Alors que tous les musiciens de l’époque, ici en Europe ou ailleurs aux USA, portent cheveux longs et vestes afghanes, le duo se rend tôt chez le coiffeur avant d’arborer des costumes d’expert-comptable, nettement moins flashy.

Une esthétique entre Tergal™ et gomina

Décidés à faire du passé table rase, ils envoient valser guitares et batteries pour les remplacer par des synthétiseurs et des boîtes à rythmes. À en croire le très savant Dictionnaire du rock (Robert Laffont), publié sous la direction érudite de Michka Assayas, « l’objectif est de refléter avec une froideur objective le monde industriel de la Ruhr ». Fantaisie allemande, quand tu nous tiens.

Ce sera donc le tube Autobahn, ode à l’autoroute, Radioactivity, hymne aux centrales nucléaires, puis The Robots qui annonce, non sans quelque prescience, une sorte d’humanité augmentée par les machines.

Bon, on l’aura compris, on n’a pas précisément affaire à la Bande à Basile.

Krafwerk, le père du hip-hop ?

Rapidement, Kraftwerk connaît un rayonnement artistique international, allant jusqu’à influencer David Bowie en personne, ce dernier tenant à enregistrer dans les studios Kling-Klang fondés par Ralf Hütter et Florian Schneider. « Kling-Klang », déjà… rien que ce nom, on sent qu’on n’est pas là pour rigoler et chanter à califourchon sur des chaises, tels les soldats allemands de La Grande vadrouille.

Leur aura est telle qu’un Afrika Bambaataa, qui n’a pourtant pas tout à fait le look bavarois, est l’un des premiers à sampler du Kraftwerk, précédant en cela nombre d’artistes de techno, de hip-hop, de house music qui ne tarderont pas à en faire leur garde-manger musical. C’est dire l’ampleur du désastre à venir.

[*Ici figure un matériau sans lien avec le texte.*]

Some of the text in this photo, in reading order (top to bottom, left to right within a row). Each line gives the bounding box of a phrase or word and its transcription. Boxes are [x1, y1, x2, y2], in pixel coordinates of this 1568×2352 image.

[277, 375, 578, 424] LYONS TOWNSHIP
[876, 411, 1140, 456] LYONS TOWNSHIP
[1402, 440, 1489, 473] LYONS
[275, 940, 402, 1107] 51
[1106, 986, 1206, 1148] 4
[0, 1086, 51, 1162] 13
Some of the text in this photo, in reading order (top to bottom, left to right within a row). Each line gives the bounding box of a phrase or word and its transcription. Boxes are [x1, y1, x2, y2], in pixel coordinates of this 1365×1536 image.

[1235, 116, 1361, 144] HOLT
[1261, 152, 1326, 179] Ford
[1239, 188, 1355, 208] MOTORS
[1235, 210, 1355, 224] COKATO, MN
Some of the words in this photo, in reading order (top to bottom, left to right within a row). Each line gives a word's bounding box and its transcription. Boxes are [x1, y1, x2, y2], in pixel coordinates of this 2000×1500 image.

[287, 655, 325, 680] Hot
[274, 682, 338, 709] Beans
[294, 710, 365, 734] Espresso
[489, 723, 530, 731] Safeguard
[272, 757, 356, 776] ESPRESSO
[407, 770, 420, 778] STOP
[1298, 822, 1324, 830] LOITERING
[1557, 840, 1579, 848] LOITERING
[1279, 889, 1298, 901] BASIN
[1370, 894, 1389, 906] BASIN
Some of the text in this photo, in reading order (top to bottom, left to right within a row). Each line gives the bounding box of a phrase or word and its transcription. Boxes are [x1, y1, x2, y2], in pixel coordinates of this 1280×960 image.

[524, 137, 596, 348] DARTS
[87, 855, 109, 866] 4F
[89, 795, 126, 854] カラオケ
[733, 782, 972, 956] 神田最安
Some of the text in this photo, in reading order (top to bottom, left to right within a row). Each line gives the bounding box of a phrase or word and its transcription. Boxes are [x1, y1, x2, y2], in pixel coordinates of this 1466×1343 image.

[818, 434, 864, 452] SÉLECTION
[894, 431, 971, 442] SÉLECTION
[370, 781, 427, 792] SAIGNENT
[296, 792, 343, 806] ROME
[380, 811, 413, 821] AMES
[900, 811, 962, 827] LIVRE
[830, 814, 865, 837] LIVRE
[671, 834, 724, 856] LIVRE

Un certain snobisme de la critique fera le reste. Il est de bon ton de révérer ce groupe, au nom du modernisme ambiant. Il est vrai que ce dernier est visionnaire, les synthétiseurs s’apprêtant à envahir la musique occidentale des décennies à venir. Sans surprise, il devient aussi l’une des coqueluches de notre droite radicale, ne serait-ce que par leur look vestimentaire pour le moins totalitaire, à l’opposé du débraillé hippie, leurs rythmes martiaux et leurs airs de nazis de carnaval. Ce n’est donc pas par hasard que le même David Bowie, alors en pleine période Goebbels sous cocaïne, vient y chercher une sorte de nouveau souffle.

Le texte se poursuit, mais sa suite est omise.